The spiritual heritage of the United States of America is notorious. Most of the most important American government leaders, institutions, monuments, buildings, and landmarks both openly acknowledge and incorporate religious words, symbols, and imagery into official venues. Such acknowledgments are even more frequent at the state and local level than at the Federal level, where thousands of such acknowledgments exist.

The Puritans in England’s colonial New England communities covenanted their citizens to realize the spirit as well as the letter of the law in their daily activities. There was an emphasis on self-control as a part of self-rule, the primacy of commitments based in consent, giving meaning to ideas such as justice and liberty.

But the early 17th century, the Renaissance movement had paved the way to the Age of Enlightenment questioning traditional authority and embraced the notion that humanity could be improved through rational change. The American and French Revolutions were directly inspired by Enlightenment ideals.

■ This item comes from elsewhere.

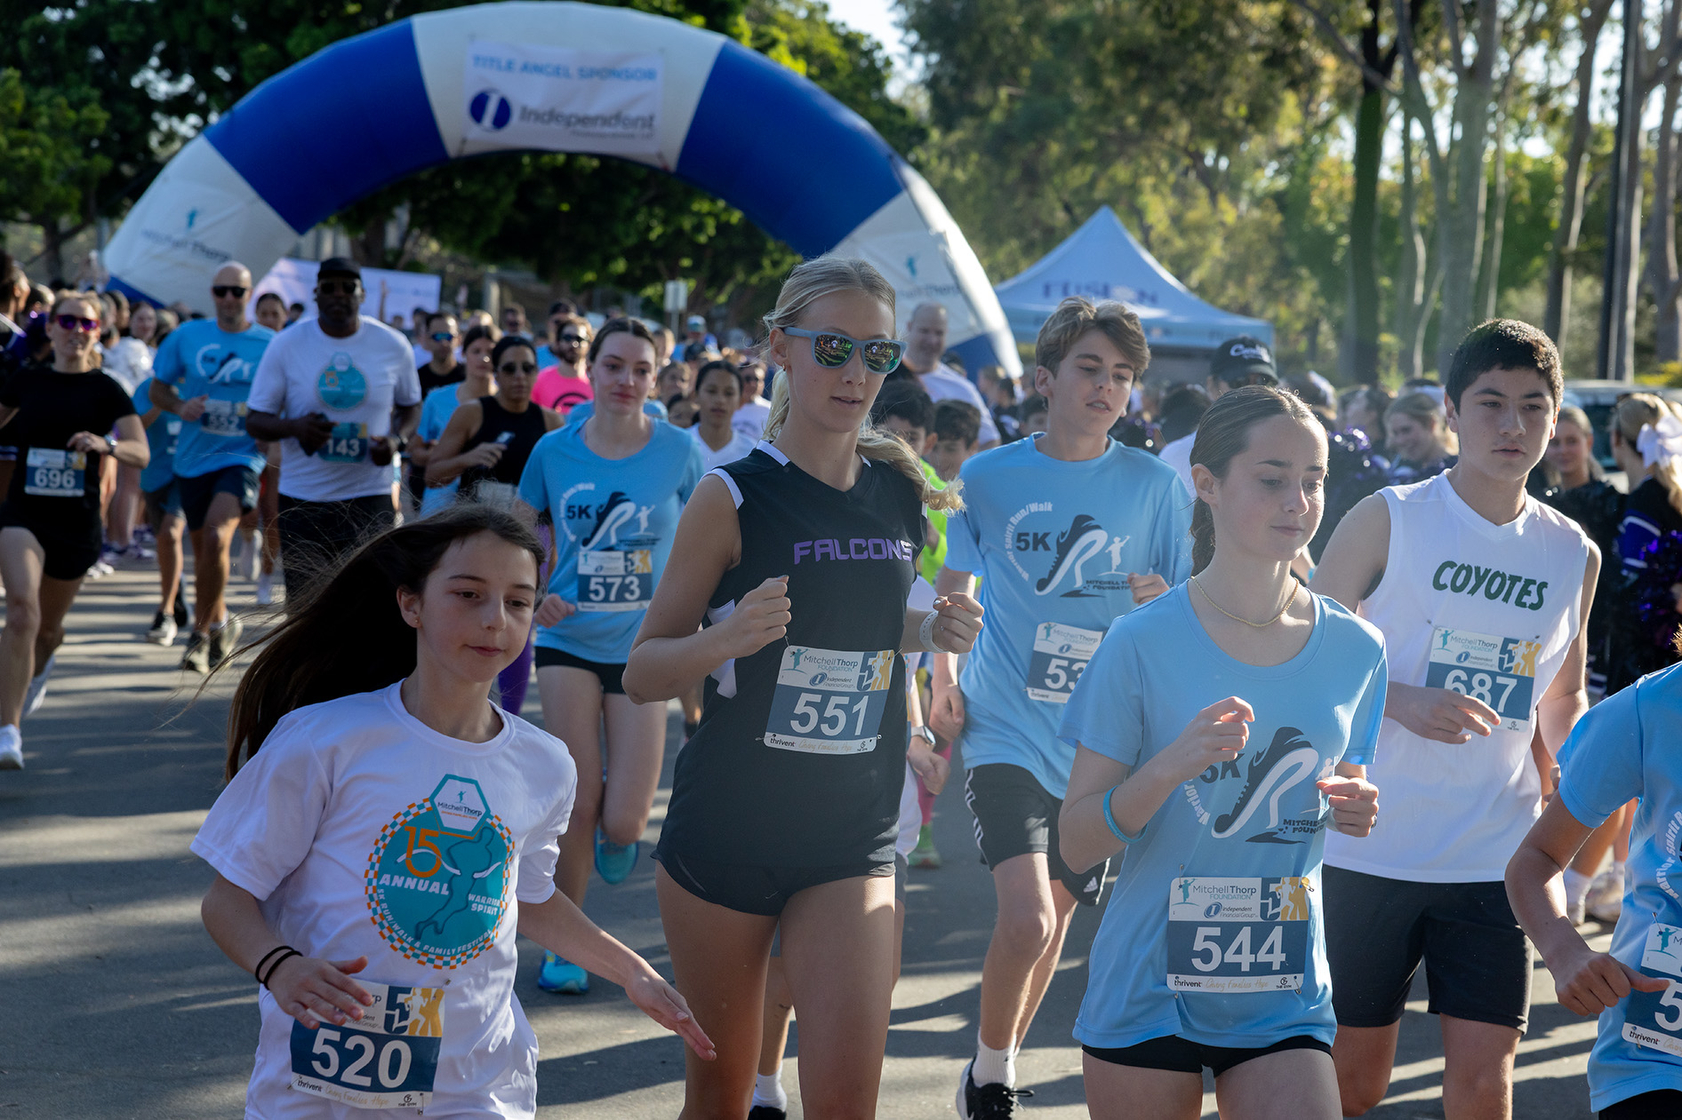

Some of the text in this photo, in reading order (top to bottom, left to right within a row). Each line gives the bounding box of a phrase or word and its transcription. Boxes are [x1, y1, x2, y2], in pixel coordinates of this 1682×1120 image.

The Declaration of Independence (1776) follows the covenant form and, when linked to the frame of government supplied by either the Articles of Confederation (1781) or the U.S. Constitution (1787), established a national compact.

But! The Founding Fathers did not enter into a covenant with the God of the Bible. They founded a Republic modeled on Roman, Greek and Egyptian heritage spectacular demonstrated in the Greek and Roman influences on Washington, D.C. Architecture and absorption of conquered gods and practices.

Washington, Jefferson, Franklin, Madison, Monroe and many other of the Founding Fathers were Deists – a philosophical belief in human reason as a reliable means of solving social and political problems. Deists believe in a supreme being who created the universe to operate solely by natural laws—and after creation, is absent from the world. This belief in reason over dogma helped guide the founders toward a system of government that respected faiths like Christianity, while purposely isolating both from encroaching on one another so as not to dilute the overall purpose and objectives of either…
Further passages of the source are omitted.